In the US, enforcement authorities will often learn of potential money laundering through the submission of Suspicious Activity Reports (SARs) to FinCEN.  SARs are then made available to appropriate law enforcement agencies to assist with the investigation and prosecution of criminal activity.  The PATRIOT Act also established a mechanism for law enforcement agencies to share the names of persons engaged in or suspected to be engaged in money laundering or terrorism with financial institutions in order to locate accounts and transactions involving those suspects.1

If FinCEN or another AML enforcement authority determines that a referral to the Department of Justice for potential criminal investigation is appropriate, the investigative tools typically used by US law enforcement are available.  For more on this topic, see here (documents) and here (testimony).  

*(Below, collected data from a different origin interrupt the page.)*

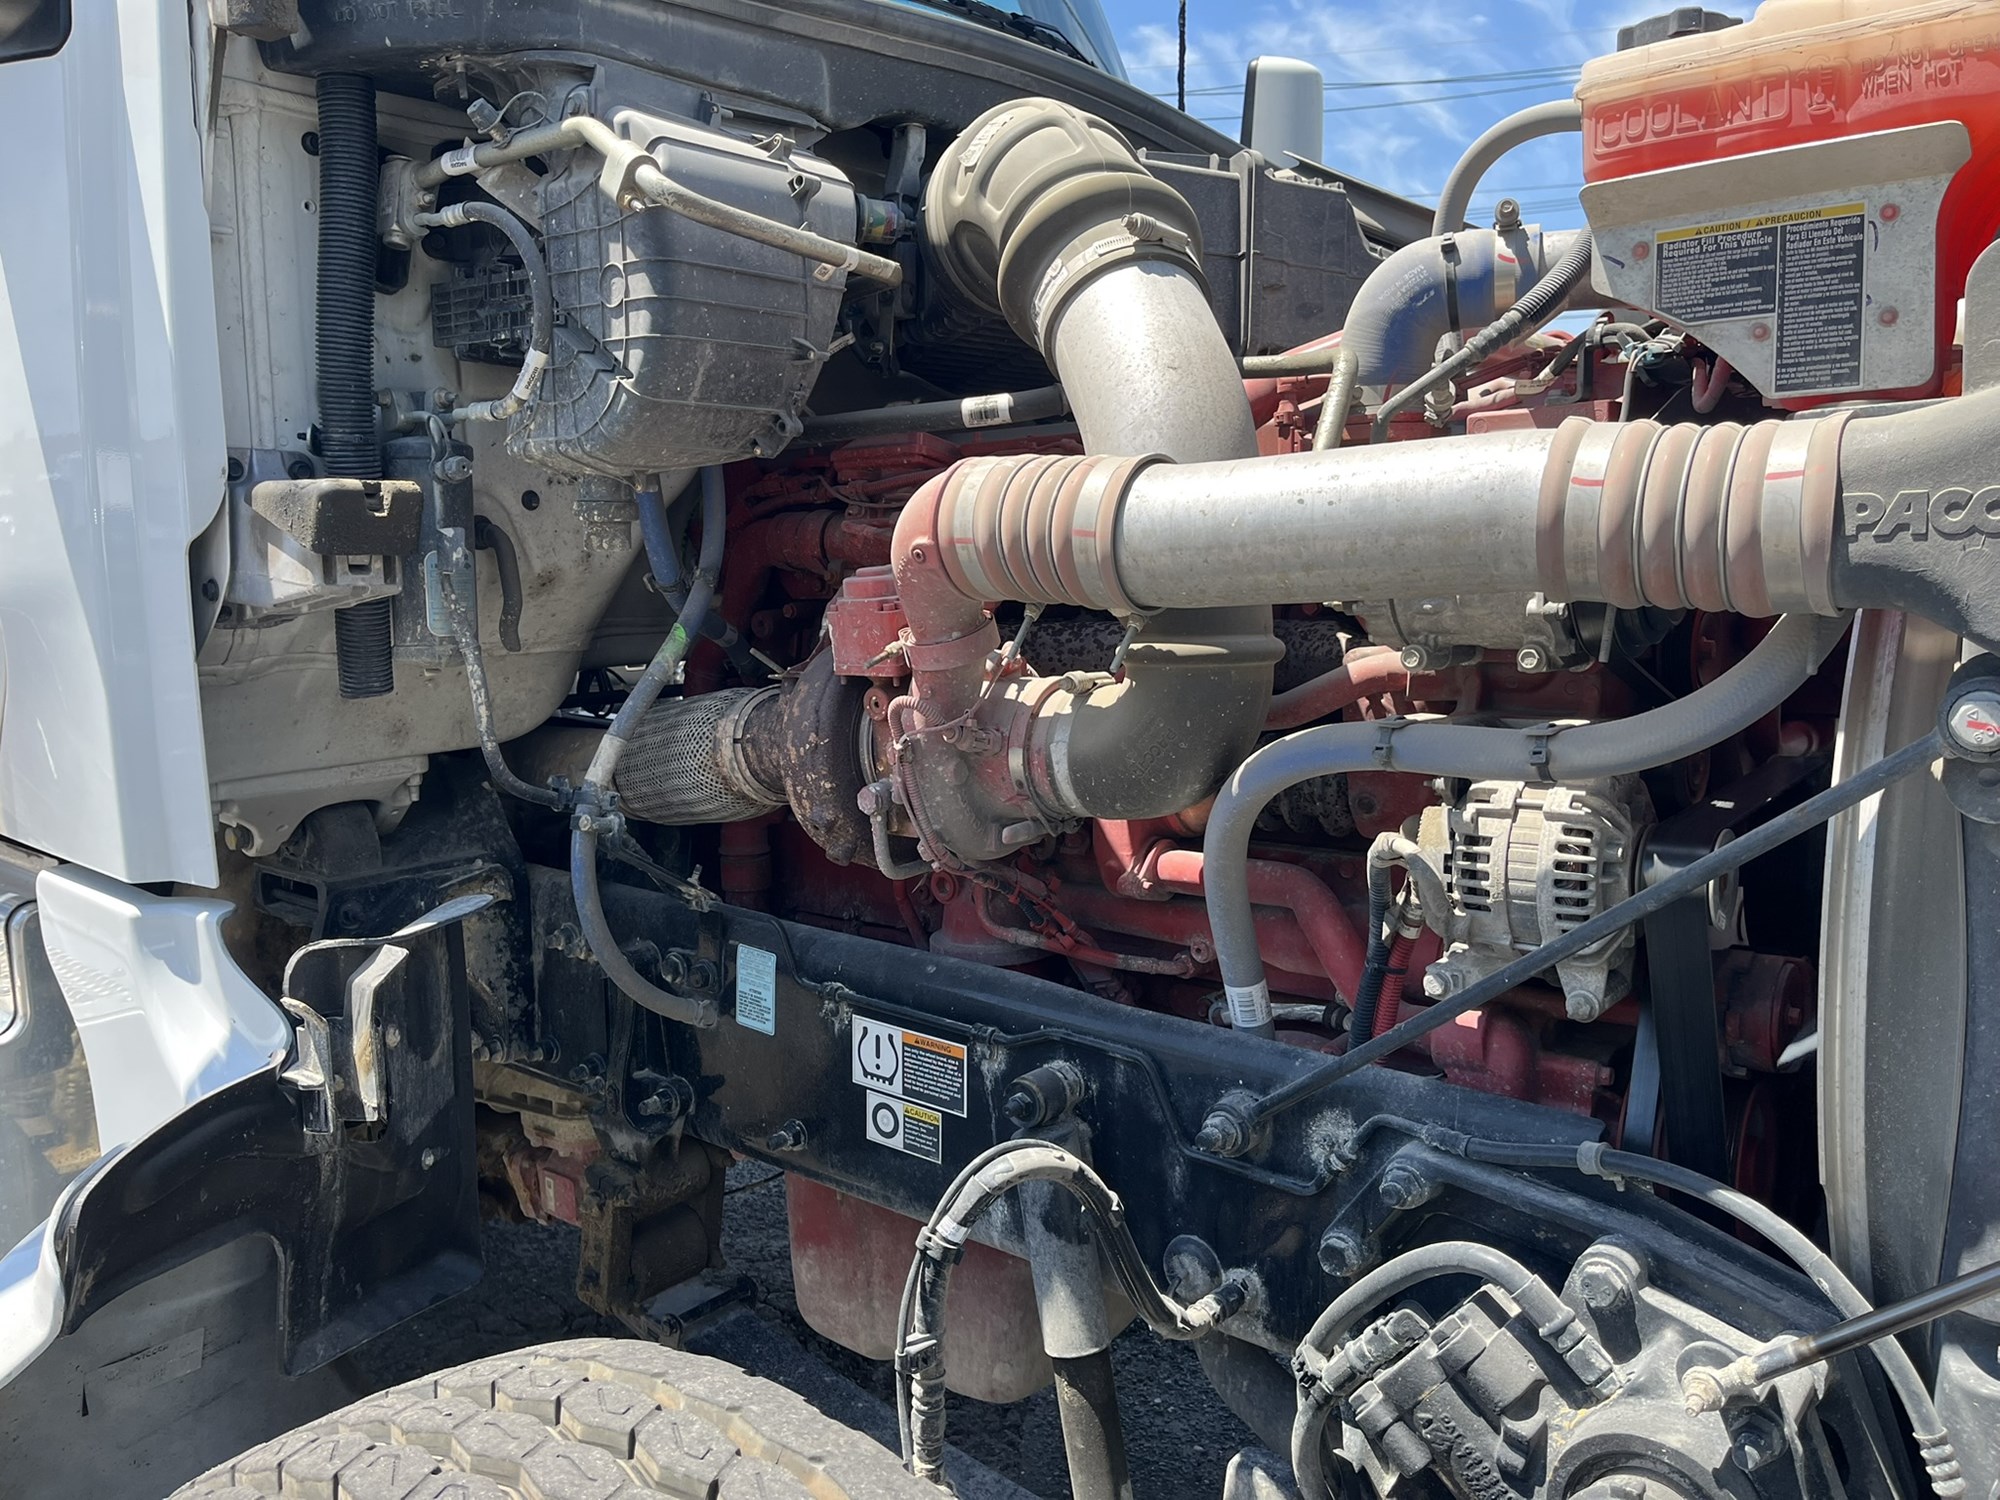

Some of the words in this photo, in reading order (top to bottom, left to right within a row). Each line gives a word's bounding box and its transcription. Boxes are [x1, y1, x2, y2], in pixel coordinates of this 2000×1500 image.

[1861, 55, 1885, 73] DO
[1897, 44, 1935, 66] NOT
[1862, 64, 1911, 96] WHEN
[1923, 58, 1961, 84] HOT
[1600, 77, 1777, 143] COOLANT
[1703, 222, 1741, 234] CAUTION
[1765, 210, 1822, 225] PRECAUCION
[1662, 239, 1698, 251] Radiator
[1701, 237, 1714, 245] Fill
[1717, 229, 1761, 243] Procedure
[1662, 245, 1699, 259] Required
[1702, 243, 1716, 252] For
[1720, 240, 1737, 249] This
[1740, 234, 1772, 247] Vehicle
[1786, 232, 1799, 241] Para
[920, 1039, 952, 1053] WARNING
[910, 1108, 940, 1123] CAUTION

In the UK, the NCA, SFO, HMRC and FCA work closely together and have access to the database of SARs.  Accordingly, any one of these authorities may learn of suspicious transactions and commence its own investigations.

The SFO, HMRC and NCA can apply for a Production Order requiring the subject of a money laundering investigation to produce specified material.  A Production Order is granted only upon reasonable grounds for suspecting that the respondent has committed a money laundering offense. The court can also issue an order requiring a person to grant entry to the premises to enable law enforcement to access to the material.2

The SFO also has the power to issue notices (commonly known as Section 2 Notices) requiring companies or individuals to produce documents and information or answer questions in connection with investigations for “serious or complex fraud.”  Statements made to the SFO in a Section 2 interview can be used as evidence in criminal proceedings against that person only under limited circumstances.  For this reason, when conducting interviews of suspects, the SFO generally uses its power under the Police and Criminal Evidence Act 1984.  For more on this, see here.

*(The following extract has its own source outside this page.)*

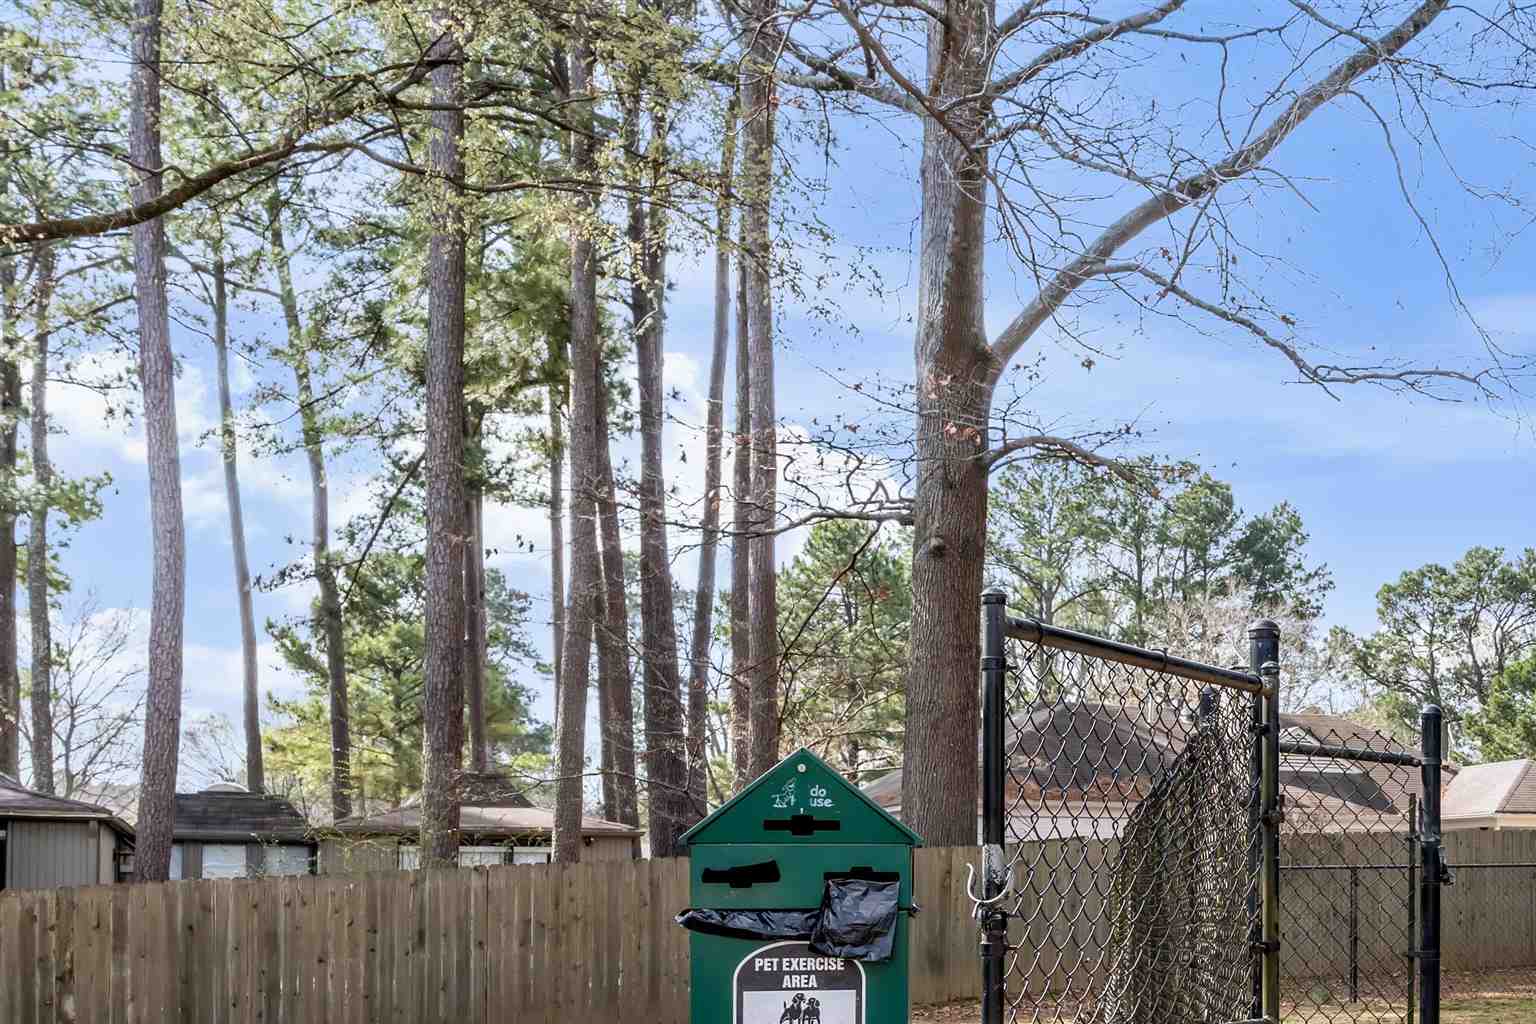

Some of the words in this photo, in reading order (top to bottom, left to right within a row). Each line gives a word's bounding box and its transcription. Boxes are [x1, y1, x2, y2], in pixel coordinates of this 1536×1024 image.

A recent addition to the armory of investigatory tools in the money laundering context is the Unexplained Wealth Order (UWO).  The NCA, SFO, FCA, and HMRC may apply for a court order requiring the subject of the order to provide a statement setting out, among other things, how they obtained the property and the nature of their interest in it.3  UWOs can be issued if the respondent holds property greater than £50,000; there are reasonable grounds for suspecting that the known sources of the respondent’s lawfully- obtained income would be insufficient to enable the respondent to obtain the property; and the respondent is either a Politically Exposed Person, or there are reasonable grounds to suspect that the respondent (or a person connected with him) has been involved in a serious crime.  However, it should be noted that, similar to a Section 2 interview, there are severe restrictions on the extent to which statements made in compliance with an UWO may be used against the respondent in criminal proceedings.


1 PATRIOT Act, Pub. L. No. 107-56, 115 Stat. 272, Title III, § 314(a) (2001).

2 Proceeds of Crime Act 2002, c. 29, §§ 345-347 (UK).

3 Criminal Finances Act 2017, c. 22, § 362F (UK).